I was playing around with the sequence: $$ 2,2, 3,3,3,4,4,4,4,\dots $$ If I denote the first element of said sequence by $a_1$ I realized the sequence can be written as $$ a_n = m, \quad \binom{m}{2}\le n < \binom{m+1}{2} $$ for $m \ge 2$. Although the above does work, I would like to find a closed for of a sequence that gives $a_n$ in terms of common functions like the floor function. Does anyone know how I could do this?
I managed to re-arrange the condition $ \binom{m}{2}\le n < \binom{m+1}{2}$ into $$ 0\le \frac{n}{m} + \frac{1-m}{2} < 1 $$ with hopes of using something like the floor function on it, but I couldn't seem to make it work.

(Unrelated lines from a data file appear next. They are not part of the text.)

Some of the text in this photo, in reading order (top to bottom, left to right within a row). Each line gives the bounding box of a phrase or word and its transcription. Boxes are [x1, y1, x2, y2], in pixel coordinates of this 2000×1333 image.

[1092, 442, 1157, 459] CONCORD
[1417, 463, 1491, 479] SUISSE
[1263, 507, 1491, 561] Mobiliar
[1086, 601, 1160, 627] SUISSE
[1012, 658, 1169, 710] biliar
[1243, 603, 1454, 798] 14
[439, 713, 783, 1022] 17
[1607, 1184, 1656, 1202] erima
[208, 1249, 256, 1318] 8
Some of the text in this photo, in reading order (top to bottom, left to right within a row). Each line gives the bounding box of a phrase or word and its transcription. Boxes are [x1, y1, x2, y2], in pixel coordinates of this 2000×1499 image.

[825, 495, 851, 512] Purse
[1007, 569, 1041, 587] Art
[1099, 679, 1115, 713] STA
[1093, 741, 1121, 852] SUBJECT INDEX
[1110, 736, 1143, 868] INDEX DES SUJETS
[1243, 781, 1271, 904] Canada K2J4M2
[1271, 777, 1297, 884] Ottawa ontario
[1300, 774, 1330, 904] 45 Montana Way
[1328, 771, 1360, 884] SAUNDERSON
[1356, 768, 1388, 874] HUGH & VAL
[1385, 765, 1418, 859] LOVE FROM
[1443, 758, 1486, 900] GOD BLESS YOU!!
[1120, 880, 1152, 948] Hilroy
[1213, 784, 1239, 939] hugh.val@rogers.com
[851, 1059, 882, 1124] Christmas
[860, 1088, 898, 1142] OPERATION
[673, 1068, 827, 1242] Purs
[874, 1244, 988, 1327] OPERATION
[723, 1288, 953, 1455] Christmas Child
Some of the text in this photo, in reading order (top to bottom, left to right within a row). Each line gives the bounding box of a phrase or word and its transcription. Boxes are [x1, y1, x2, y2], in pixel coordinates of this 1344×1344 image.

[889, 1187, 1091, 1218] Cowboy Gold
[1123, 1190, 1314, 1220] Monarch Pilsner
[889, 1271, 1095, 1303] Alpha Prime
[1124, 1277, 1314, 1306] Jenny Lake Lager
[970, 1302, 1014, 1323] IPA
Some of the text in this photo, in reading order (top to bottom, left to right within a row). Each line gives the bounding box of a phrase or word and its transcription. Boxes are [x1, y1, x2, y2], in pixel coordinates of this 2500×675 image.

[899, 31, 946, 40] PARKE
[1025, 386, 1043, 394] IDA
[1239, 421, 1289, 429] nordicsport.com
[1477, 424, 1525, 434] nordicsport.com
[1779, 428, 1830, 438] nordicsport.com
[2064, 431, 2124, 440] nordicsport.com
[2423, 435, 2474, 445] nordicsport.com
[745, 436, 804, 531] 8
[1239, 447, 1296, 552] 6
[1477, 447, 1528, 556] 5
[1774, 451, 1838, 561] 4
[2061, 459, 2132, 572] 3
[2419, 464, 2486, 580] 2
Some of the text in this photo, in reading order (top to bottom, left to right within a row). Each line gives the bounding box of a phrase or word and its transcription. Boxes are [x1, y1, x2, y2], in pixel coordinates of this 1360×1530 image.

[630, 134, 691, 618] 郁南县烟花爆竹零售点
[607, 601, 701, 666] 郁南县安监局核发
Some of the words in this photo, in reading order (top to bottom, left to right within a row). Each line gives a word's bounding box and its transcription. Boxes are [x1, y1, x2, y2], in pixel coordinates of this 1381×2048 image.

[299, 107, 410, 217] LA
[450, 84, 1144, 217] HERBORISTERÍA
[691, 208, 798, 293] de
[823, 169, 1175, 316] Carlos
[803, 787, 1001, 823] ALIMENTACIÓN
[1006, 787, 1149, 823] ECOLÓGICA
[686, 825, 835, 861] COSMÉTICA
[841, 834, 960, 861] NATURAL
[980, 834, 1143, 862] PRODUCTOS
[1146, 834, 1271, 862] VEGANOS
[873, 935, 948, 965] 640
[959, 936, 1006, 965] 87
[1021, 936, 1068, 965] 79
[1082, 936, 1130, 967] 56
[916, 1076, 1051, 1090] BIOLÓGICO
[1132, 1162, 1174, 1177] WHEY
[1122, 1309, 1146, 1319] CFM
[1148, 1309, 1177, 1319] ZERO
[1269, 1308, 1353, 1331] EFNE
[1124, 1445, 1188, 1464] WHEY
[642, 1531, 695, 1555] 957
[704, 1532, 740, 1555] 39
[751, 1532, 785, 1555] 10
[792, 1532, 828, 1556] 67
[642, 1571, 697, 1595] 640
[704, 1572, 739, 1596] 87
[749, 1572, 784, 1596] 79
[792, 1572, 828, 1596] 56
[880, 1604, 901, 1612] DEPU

We have $$ \begin{array}{l} \left( \begin{array}{c} m \\ 2 \\ \end{array} \right) = \frac{{m\left( {m - 1} \right)}}{2} \le n < \left( \begin{array}{c} m + 1 \\ 2 \\ \end{array} \right) = \frac{{m\left( {m + 1} \right)}}{2}\quad \Rightarrow \\ \Rightarrow \quad m^2 - m - 2n \le 0 < m^2 + m - 2n\quad \Rightarrow \\ \Rightarrow \quad \frac{{\sqrt {1 + 8n} - 1}}{2} = \frac{{\sqrt {1 + 8n} + 1}}{2} - 1 < m \le \frac{{\sqrt {1 + 8n} + 1}}{2} \\ \end{array} $$ and since $$ x - 1 < \left\lfloor x \right\rfloor \le x $$ then $$ a_n = \left\lfloor {\frac{{\sqrt {1 + 8n} + 1}}{2}} \right\rfloor $$ where $a_0=1, a_1=2, a_2=2, \cdots$